Proprio in un seminario sul delirio, tenuto nell’Ospedale psichiatrico di Trieste, incontrai l’opera di Carl Gustav Jung, che della follia ha sempre cercato il senso, la dimensione simbolica. In quegli anni iniziai infatti a leggere, visto con gli occhi di allora, un autore, Jung, per l’appunto, che aveva iniziato il suo lavoro in un ospedale psichiatrico, il Burghölzli, e che aveva cercato di dare un senso alle produzioni psicopatologiche, nel tentativo di curare quella che ancora chiamava la “malattia mentale”. Quindi, non solo umanizzare il folle, ma anche comprenderlo e curarlo, nel rispetto pieno della specificità di un “destino”, com’è implicito nel concetto cardine di individuazione.
In questi pochi concetti si può racchiudere l’inizio della mia avventura nel mondo analitico e il lascito dell’esperienza basagliana.
DI NUOVO
Quanto dici mi fa venire in mente un tema, penso, molto caro alla tua riflessione analitica. Mi ricordo, al riguardo, circa quindici anni fa, io ancora allievo in formazione, di un tuo seminario sullo specifico dell’assetto mentale dell’analista: ti soffermasti allora sull’ineludibile valore del farsi carico della responsabilità dell’altro; ove l’altro è però colto – e ciò, secondo alcuni tra i più avvertiti interpreti dell’opera di Basaglia, è il suo più fecondo lascito – innanzitutto, nella sua originaria dimensione d’immediatezza e di autenticità. L’attenzione in primo luogo, dunque, alla sua storia e a quel nucleo essenziale d’intimità che vi si dispiega, prima ancora che ad ogni formulazione e pre-comprensione teorica. Ma, se vogliamo, ciò potremmo anche considerarlo il presupposto fondativo dell’insegnamento junghiano. E, quindi, permettimi d’immaginare che non sia senza significato che tu abbia cominciato ad avvicinarti a Jung, proprio nel corso di un seminario in quel di Trieste…
DE MARINIS
Sì, insieme ad altri motivi che, come sempre, si scoprono dopo scelte e decisioni.
Ma in quel periodo ciò che più mi affascinava era la dimensione dell’azione, dell’atto trasformativo, che, nelle intenzioni Basaglia e del gruppo che intorno a lui si era creato: abbattendo le mura dell’ospedale, si sarebbe fatta crollare la separazione tra ‘Il sano e il malato’, tra ‘la normalità e la follia’.
La follia è una condizione umana che è presente in ognuno di noi insieme alla ragione, e la critica veniva rivolta certo alla strutture dell’esclusione, ma anche a tutte le istituzioni culturali, la cui funzione era quella di etichettare, codificare e fissare in ruoli congelati quelli che vi appartengono.
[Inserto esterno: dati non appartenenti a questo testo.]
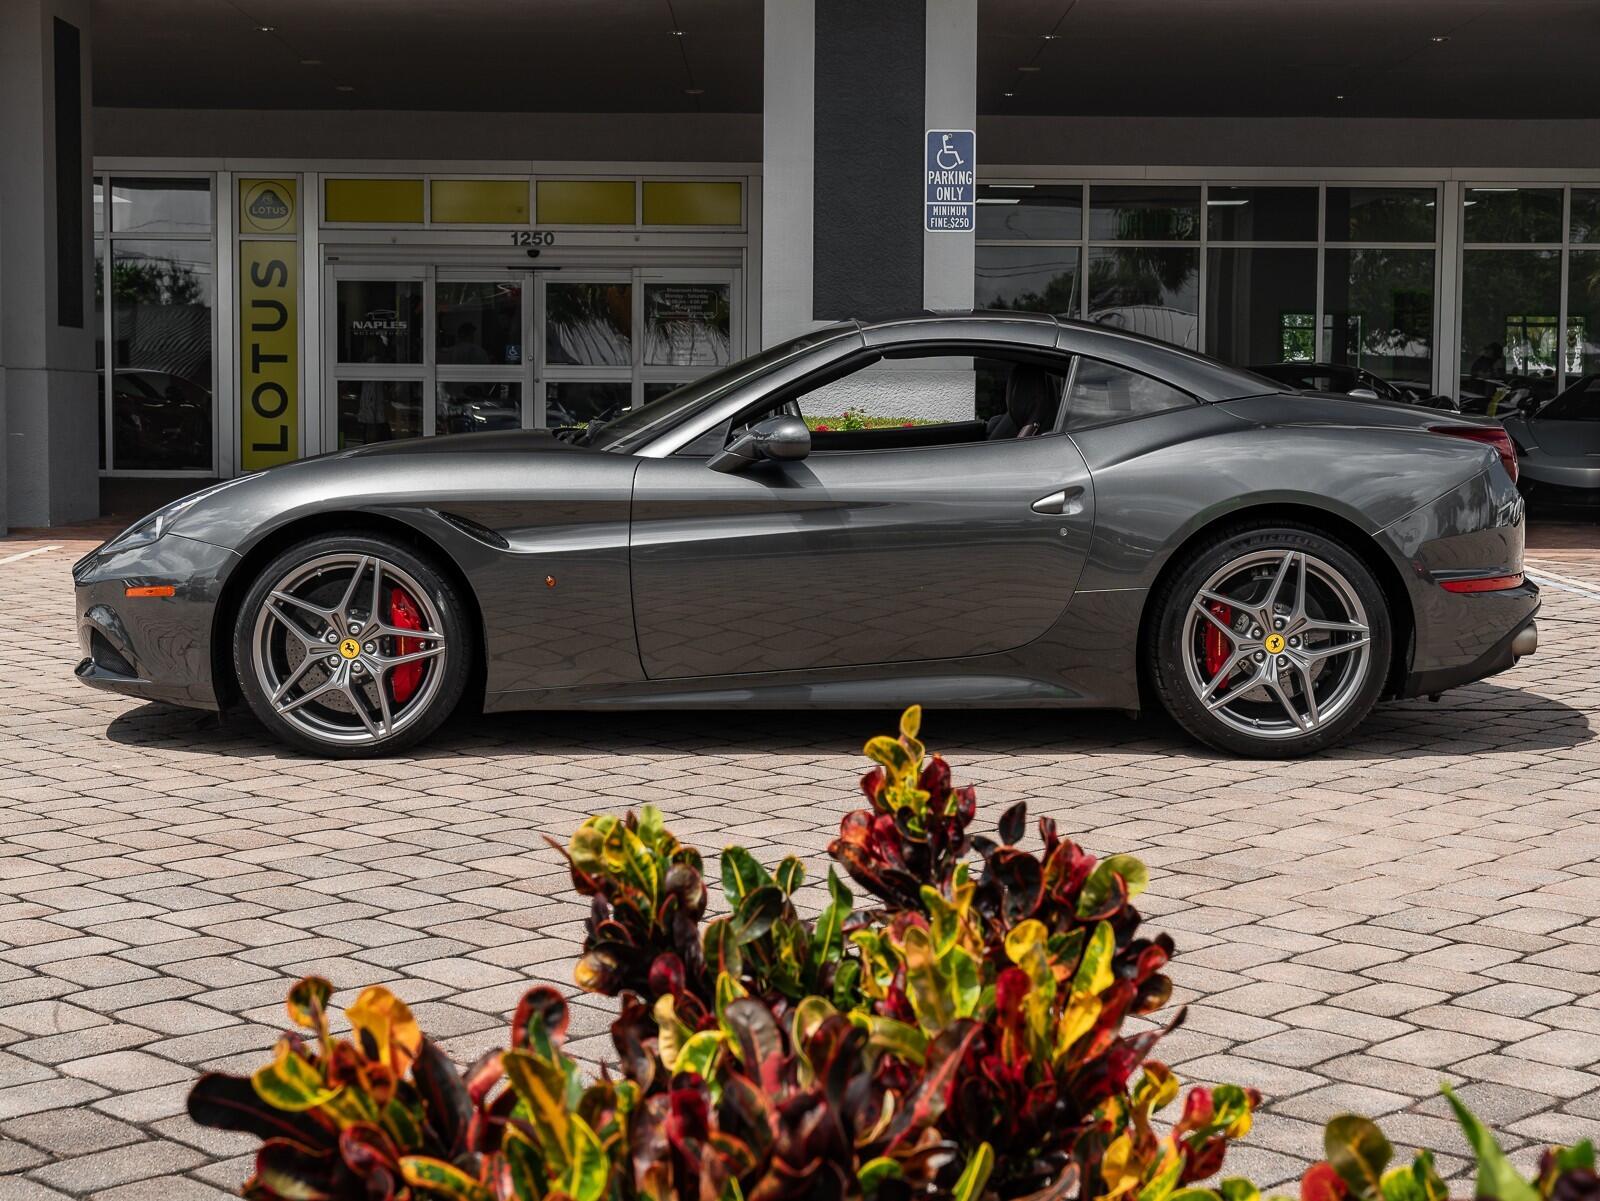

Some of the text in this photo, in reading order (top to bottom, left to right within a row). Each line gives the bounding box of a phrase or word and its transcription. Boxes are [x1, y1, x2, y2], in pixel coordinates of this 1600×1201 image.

Solo in seguito, ho potuto capire quanto quell’orientamento fosse influenzato dalla cultura fenomenologico-esistenziale, una cultura che mette in primo piano il rispetto e il tentativo di comprendere la specificità del destino di ogni singolo essere umano.
La responsabilità si gioca quindi nell’accogliere quel destino e pensare che solo all’interno di quel destino le trasformazioni sono possibili.
Tornando a quel periodo, mentre l’azione politica “metteva tra parentesi la malattia mentale”, incontrai in Jung, nello Jung del Burghölzli, un altro tipo di azione: con la malattia mentale ci si confronta personalmente, nel tentativo di comprenderla e trasformarla. Per far questo è necessario “mescolarsi” personalmente con la follia, a volte compromettendo la propria “sanità”. Pensiamo all’esperienza con la Spierlein.
Sì, in quel “mescolamento” responsabile, risiede per me il lascito di maggior valore dell’esperienza del primo Jung, valore che credo accompagni il lavoro che, ogni giorno, ognuno di noi svolge.
Certo, oggi il mondo è cambiato e, nonostante la regressione della cultura psichiatrica, e non solo, verso una visione pseudoscientista di ritorno, la legge Basaglia ricorda agli operatori della salute mentale che incontrare l’umanità dell’altro è il primo atto veramente terapeutico.